About this exercise | Look through the material for lines with the word "words", and copy each one.

Task material |
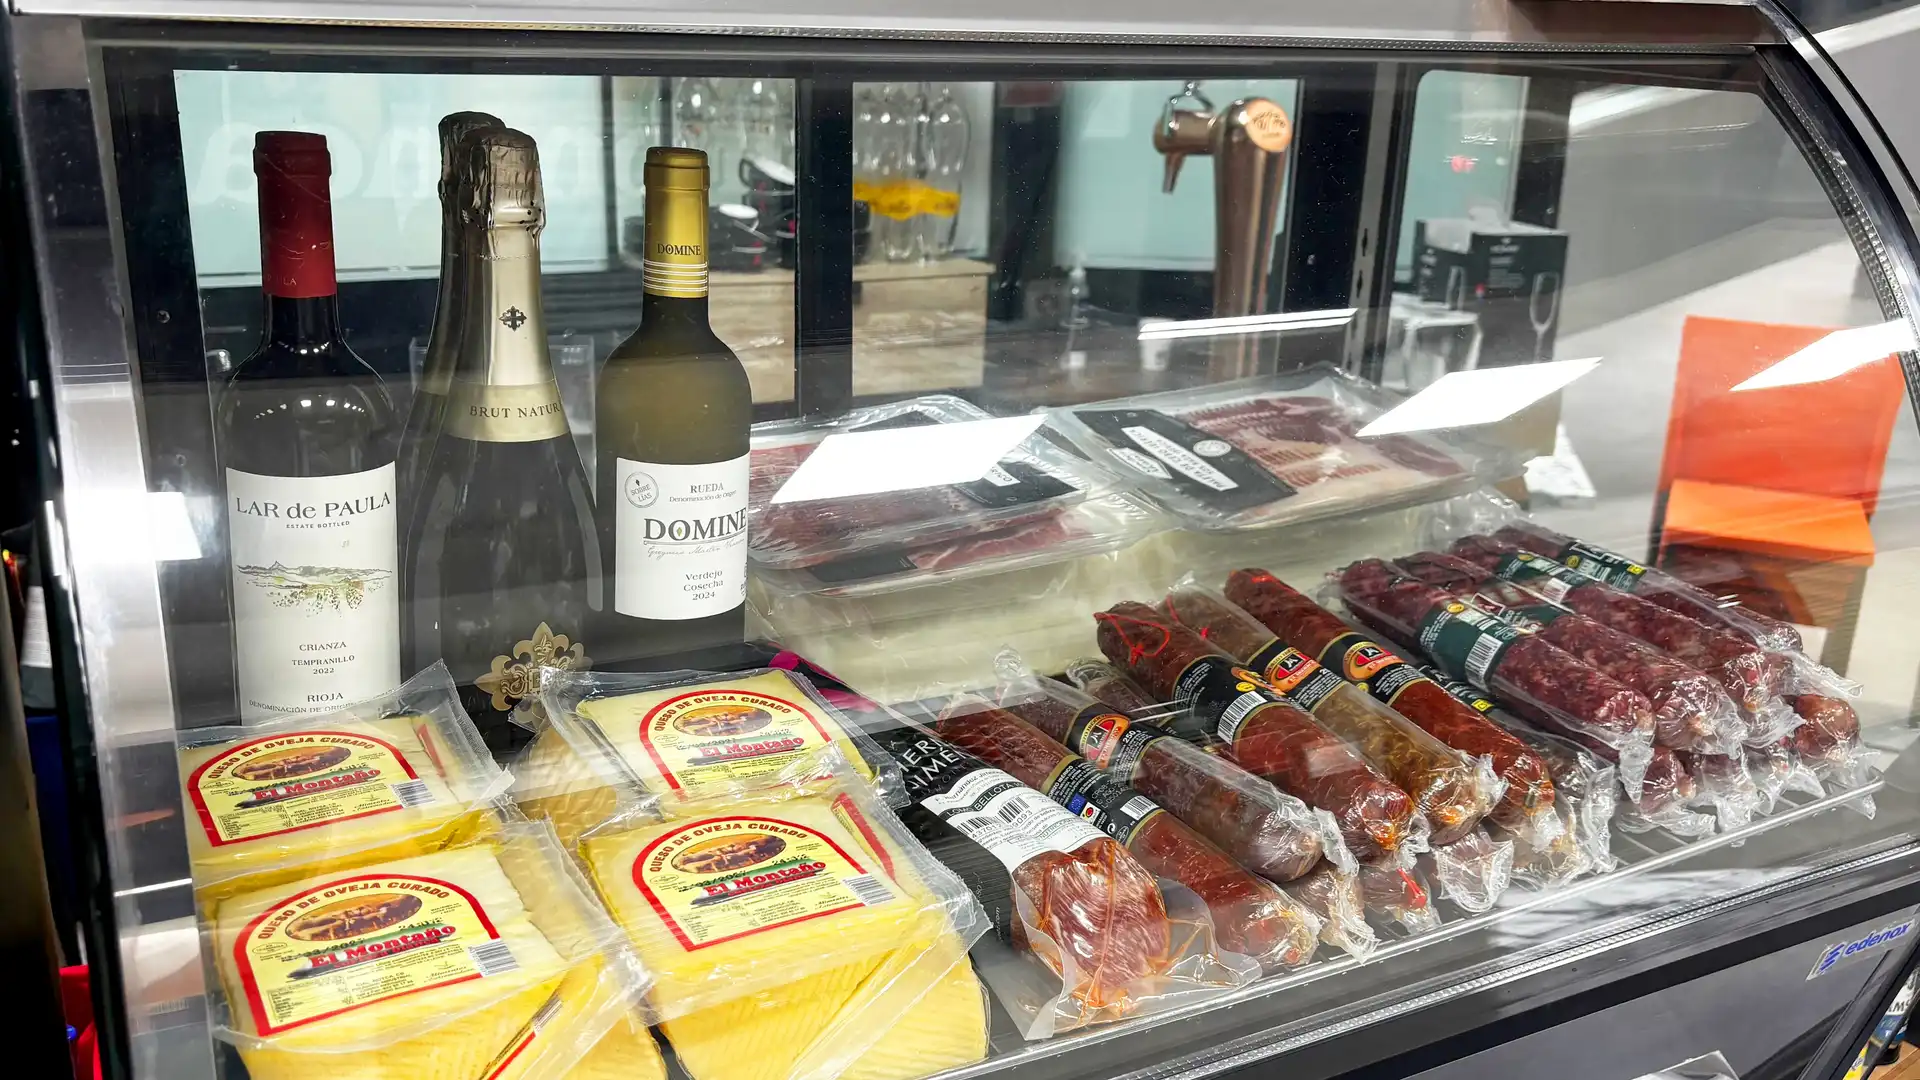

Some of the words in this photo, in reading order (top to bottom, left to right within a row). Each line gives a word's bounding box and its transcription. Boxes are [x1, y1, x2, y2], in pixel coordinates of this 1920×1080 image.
* * *
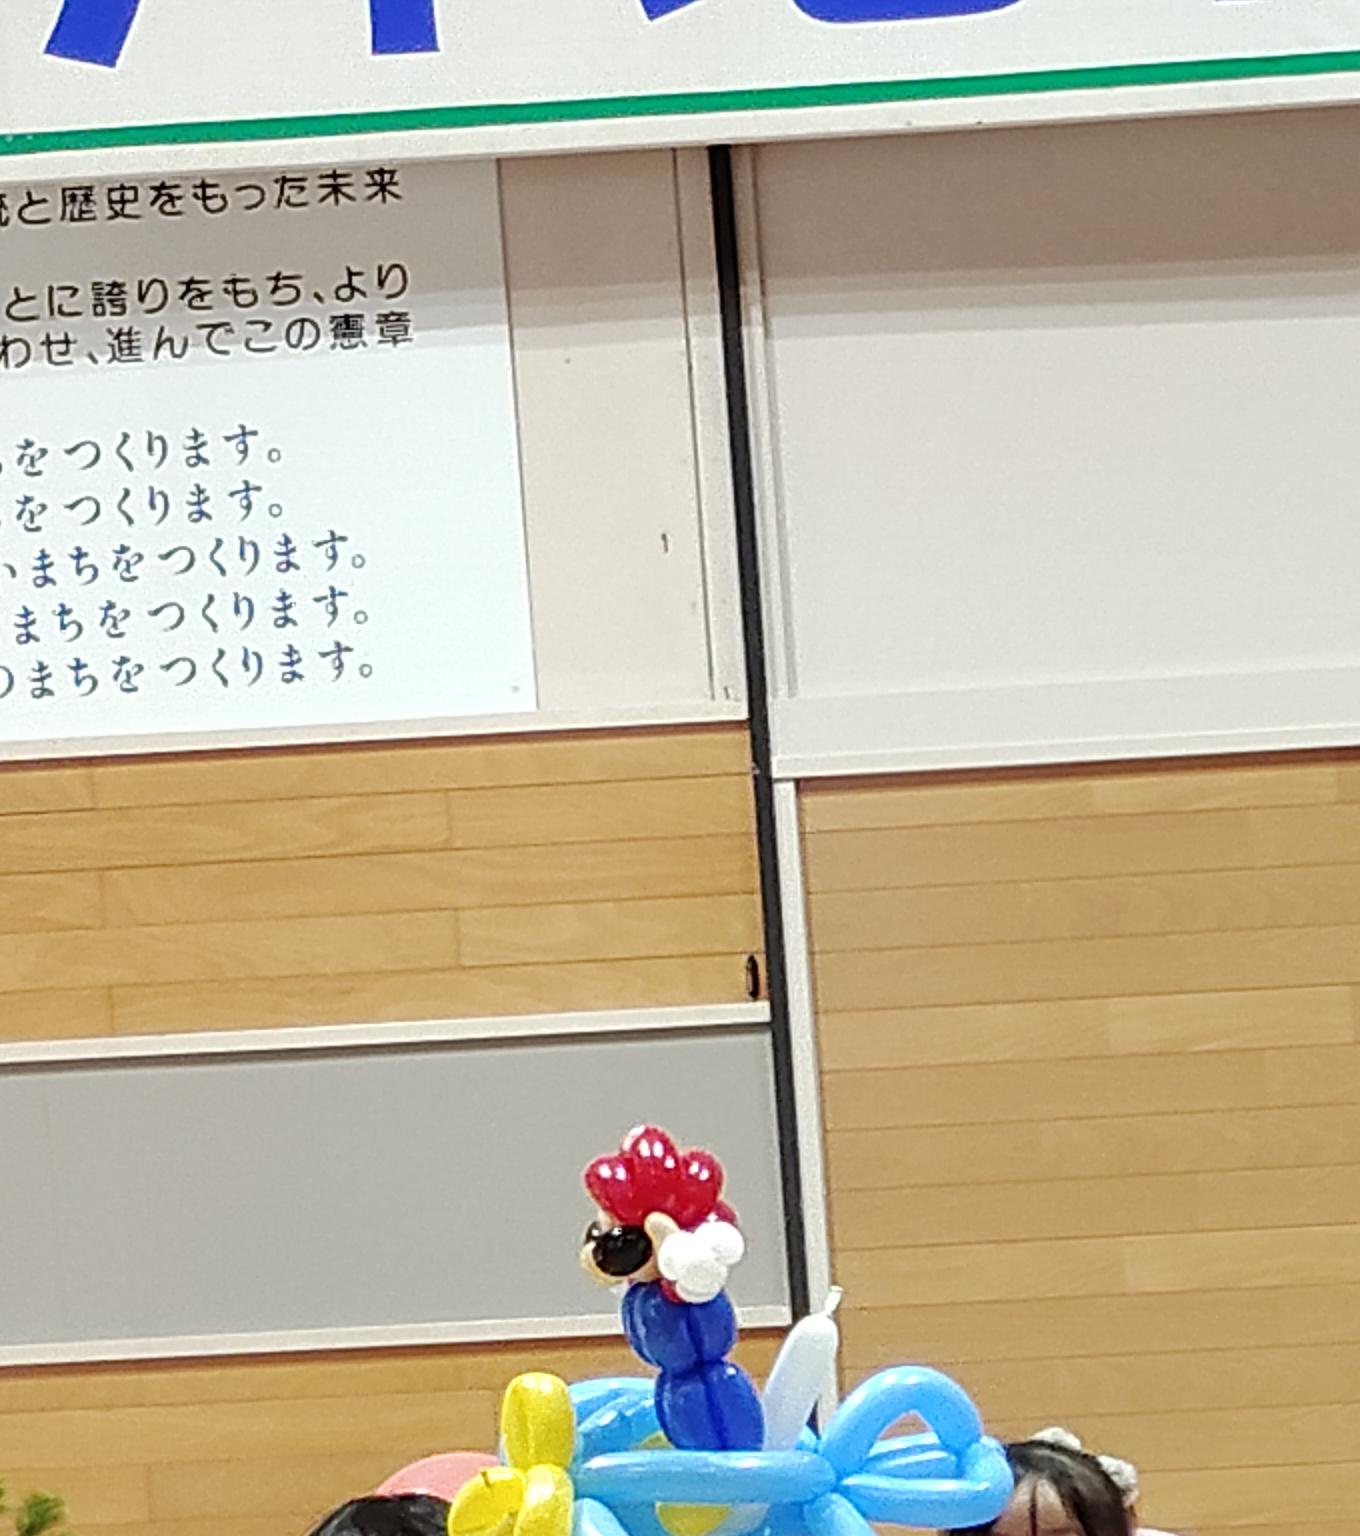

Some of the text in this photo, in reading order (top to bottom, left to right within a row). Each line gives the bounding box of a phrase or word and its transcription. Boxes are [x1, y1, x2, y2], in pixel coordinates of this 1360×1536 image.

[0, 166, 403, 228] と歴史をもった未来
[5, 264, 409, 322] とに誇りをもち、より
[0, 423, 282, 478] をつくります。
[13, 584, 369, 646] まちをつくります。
==
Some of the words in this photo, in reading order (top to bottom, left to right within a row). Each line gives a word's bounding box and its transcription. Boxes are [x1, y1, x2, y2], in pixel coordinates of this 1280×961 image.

Result of the task |
Some of the words in this photo, in reading order (top to bottom, left to right within a row). Each line gives a word's bounding box and its transcription. Boxes are [x1, y1, x2, y2], in pixel coordinates of this 1920×1080 image.
Some of the words in this photo, in reading order (top to bottom, left to right within a row). Each line gives a word's bounding box and its transcription. Boxes are [x1, y1, x2, y2], in pixel coordinates of this 1280×961 image.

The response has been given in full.